O movimento de afastamento diplomático da China tem também cunho político. Visando agradar parte do eleitorado conservador que tiveram os empregos perdidos por uma suposta concorrência desleal chinesa, Trump sinaliza que continuará investindo na divisão ideológica americana para as eleições de novembro. A evolução da pandemia nos EUA, contudo, pode dificultar a busca de Trump pela reeleição. Estados chave como Flórida e Texas se tornaram destaque pela nova onda de casos, juntamente com outros 40 estados americanos que também tiveram uma piora na situação epidêmica.

Outros fatores podem contribuir para a piora no cenário eleitoral de Trump. Entre eles, a discussão do pacote de ajuda econômica do pós-pandemia que enfrenta dificuldade para ser aprovado antes do recesso congressional em agosto. Republicanos defendem um pacote de US$ 1 tri, Democratas defendem US$ 3 tri e, segundo a líder democrata na câmara Nancy Pelosi, não há perspectiva de chegarem a um acordo final.

A questão é que algumas das medidas que seriam renovadas no pacote, correm o risco de perderem validade prejudicando milhões de trabalhadores americanos e piorando o cenário eleitoral para Trump.

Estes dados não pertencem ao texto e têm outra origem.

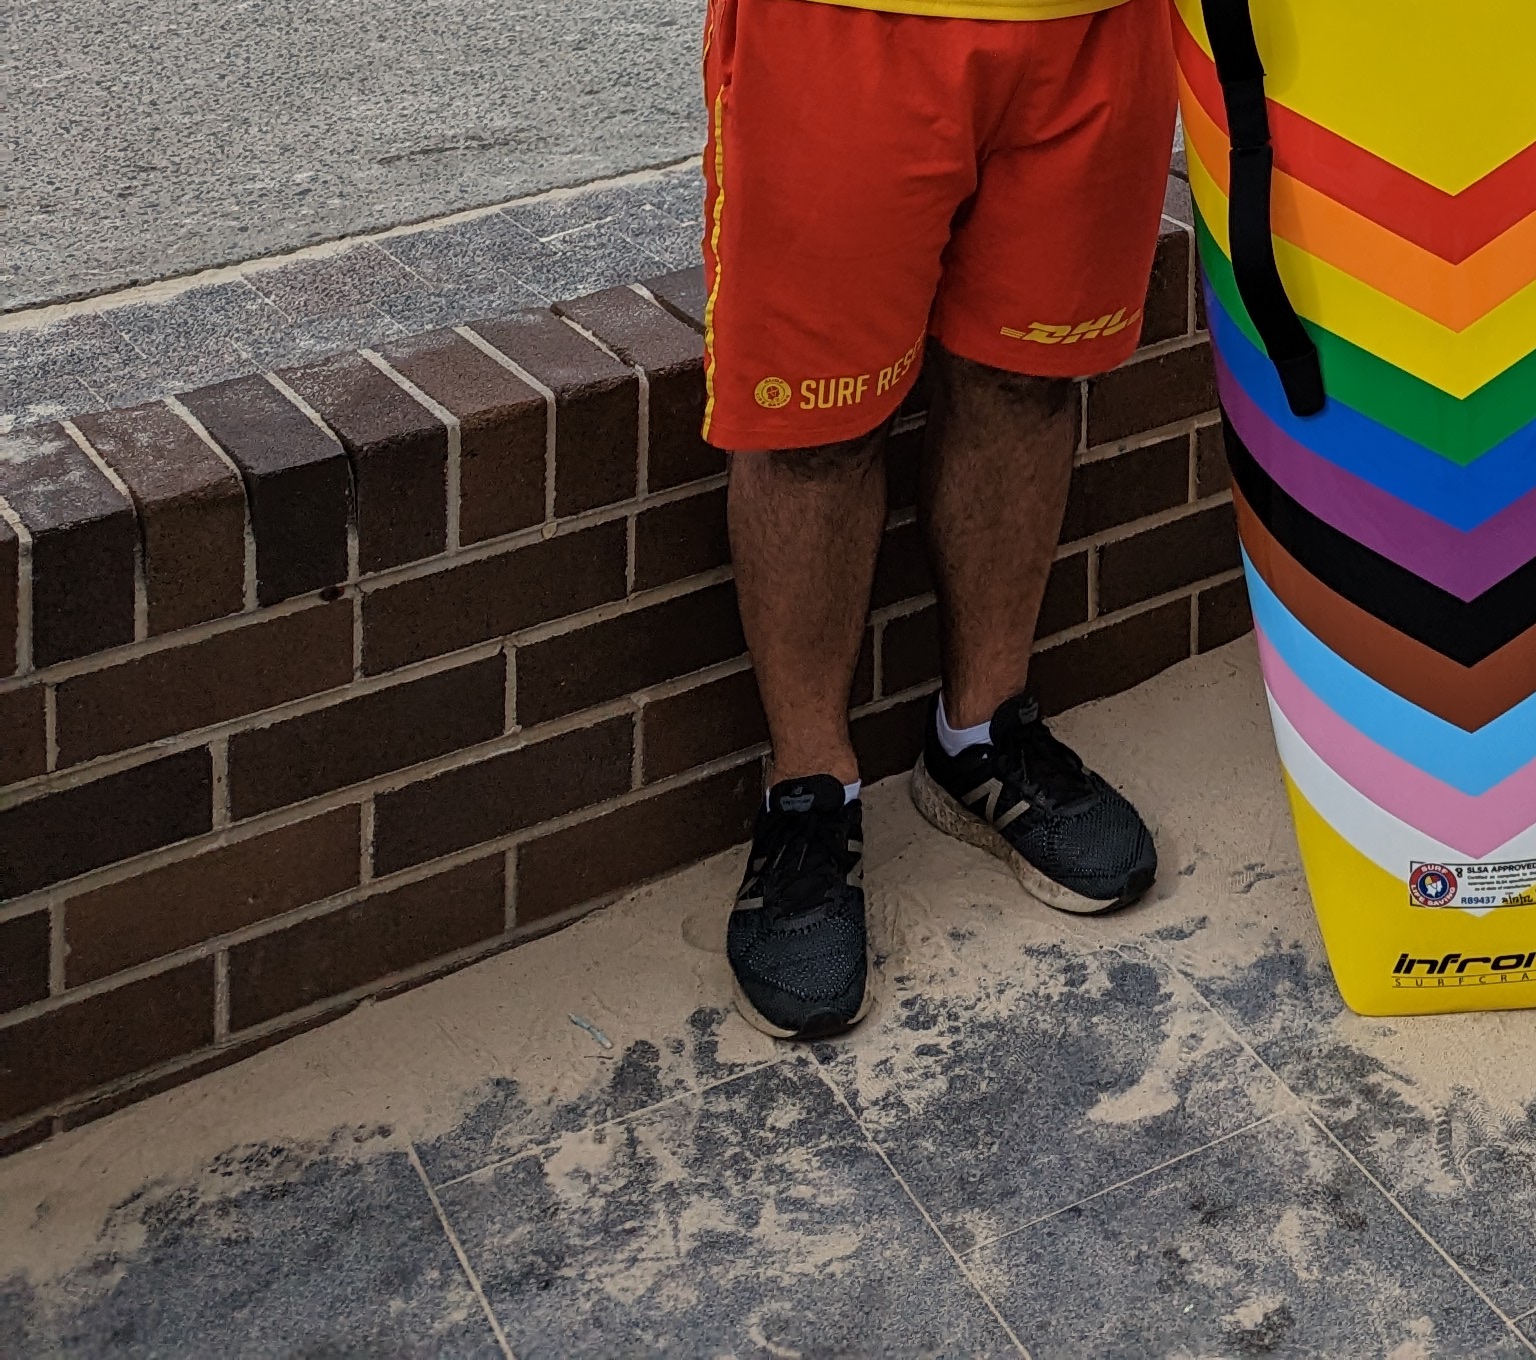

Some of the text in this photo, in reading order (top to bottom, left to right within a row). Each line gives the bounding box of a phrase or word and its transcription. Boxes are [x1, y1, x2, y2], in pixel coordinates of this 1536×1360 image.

Já Biden está construindo uma coalizão de centro capaz de integrar os membros mais a esquerda do partido e ao mesmo tempo conquistar os republicanos moderados e eleitores independentes. Outro fator que pode favorecer Biden é o movimento crescente anti-Trump que pode levar mais pessoas às urnas, já que o voto nos EUA não é obrigatório. O resultado observado até o momento é a larga vantagem que Biden tem sobre Trump nas pesquisas eleitorais.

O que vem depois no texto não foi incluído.